Items from a dataset:
= = = = =

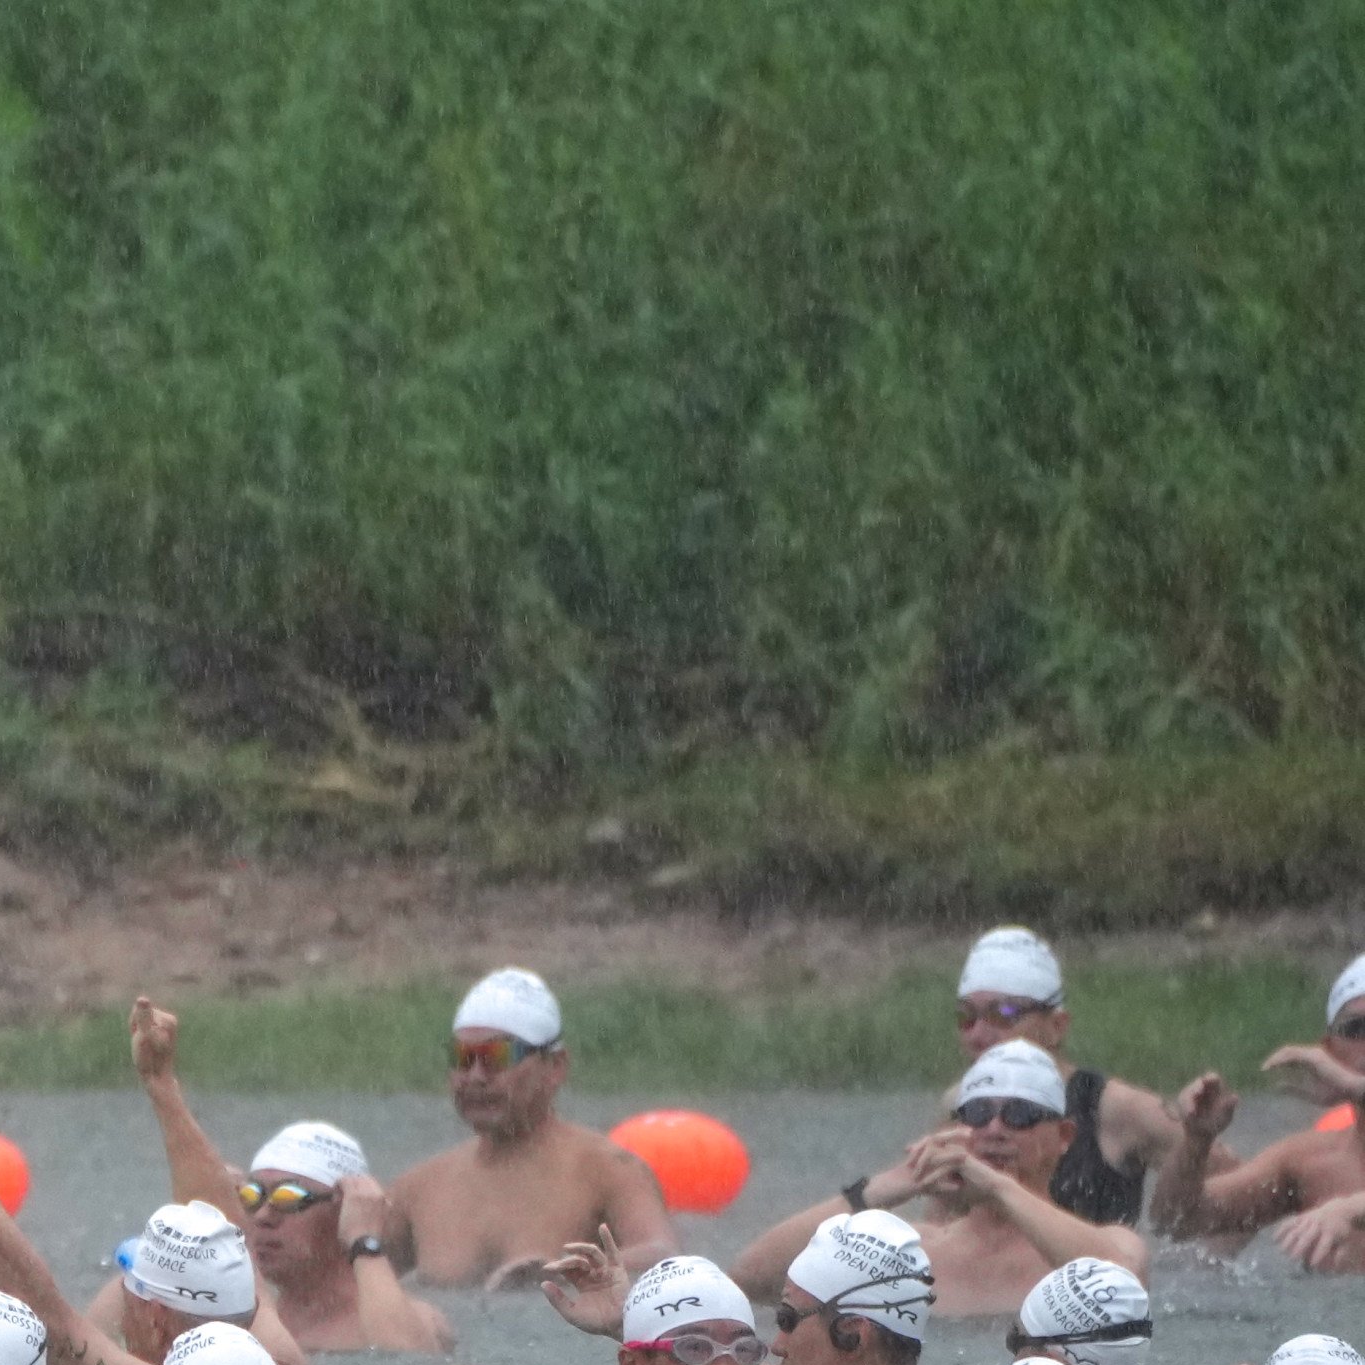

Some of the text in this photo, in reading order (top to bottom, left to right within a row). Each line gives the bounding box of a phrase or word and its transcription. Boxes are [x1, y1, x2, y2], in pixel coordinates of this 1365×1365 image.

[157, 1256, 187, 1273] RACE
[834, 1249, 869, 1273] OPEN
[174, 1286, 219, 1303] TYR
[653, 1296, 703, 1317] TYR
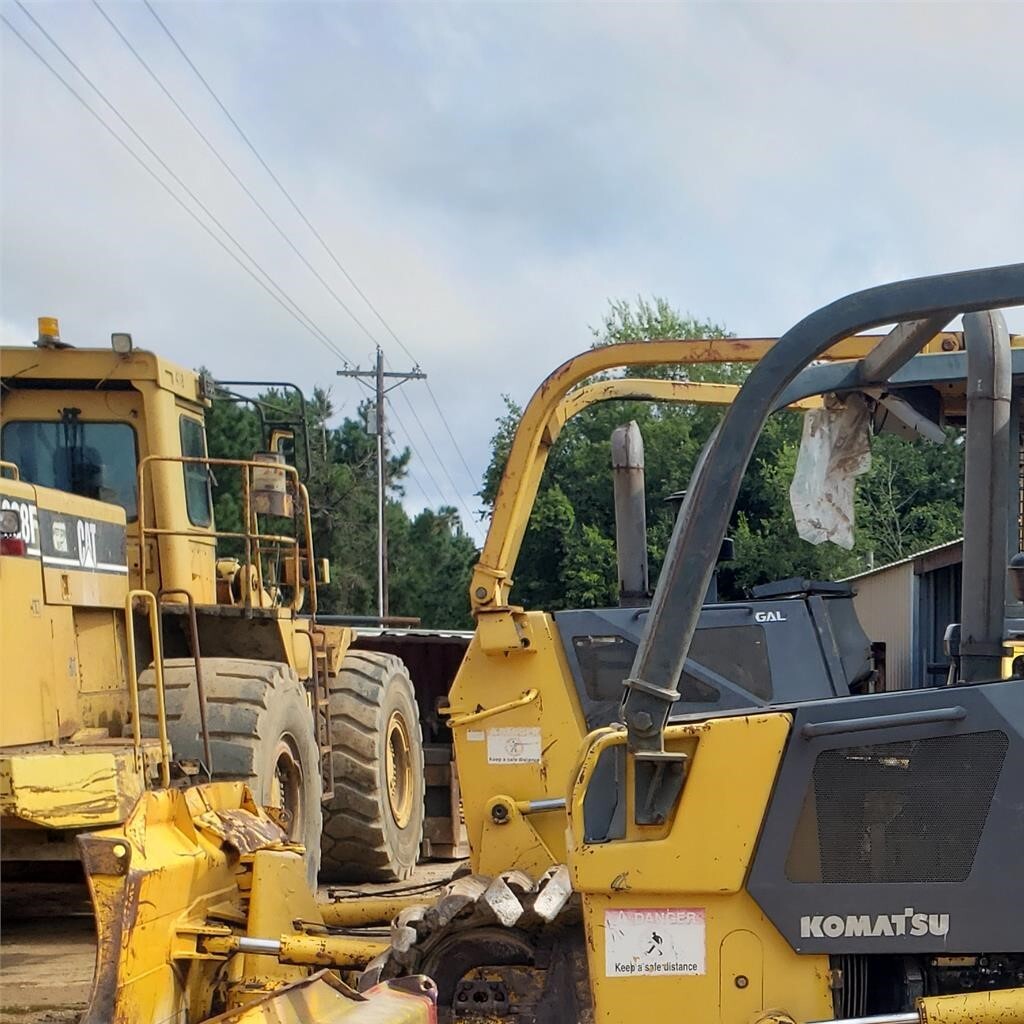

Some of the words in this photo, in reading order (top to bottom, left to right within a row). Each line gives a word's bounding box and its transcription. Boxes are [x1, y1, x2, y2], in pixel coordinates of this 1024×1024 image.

= = = = =

Task item: All of the data needs repeating exactly, but the pictures do not.

Answer space:
Some of the text in this photo, in reading order (top to bottom, left to right within a row). Each line gives the bounding box of a phrase or word and its transcription. Boxes are [x1, y1, x2, y2], in pixel coordinates of this 1365×1365 image.

[157, 1256, 187, 1273] RACE
[834, 1249, 869, 1273] OPEN
[174, 1286, 219, 1303] TYR
[653, 1296, 703, 1317] TYR

Some of the words in this photo, in reading order (top to bottom, left to right within a row). Each line gives a word's bounding box and its transcription. Boxes are [x1, y1, x2, y2], in pixel coordinates of this 1024×1024 image.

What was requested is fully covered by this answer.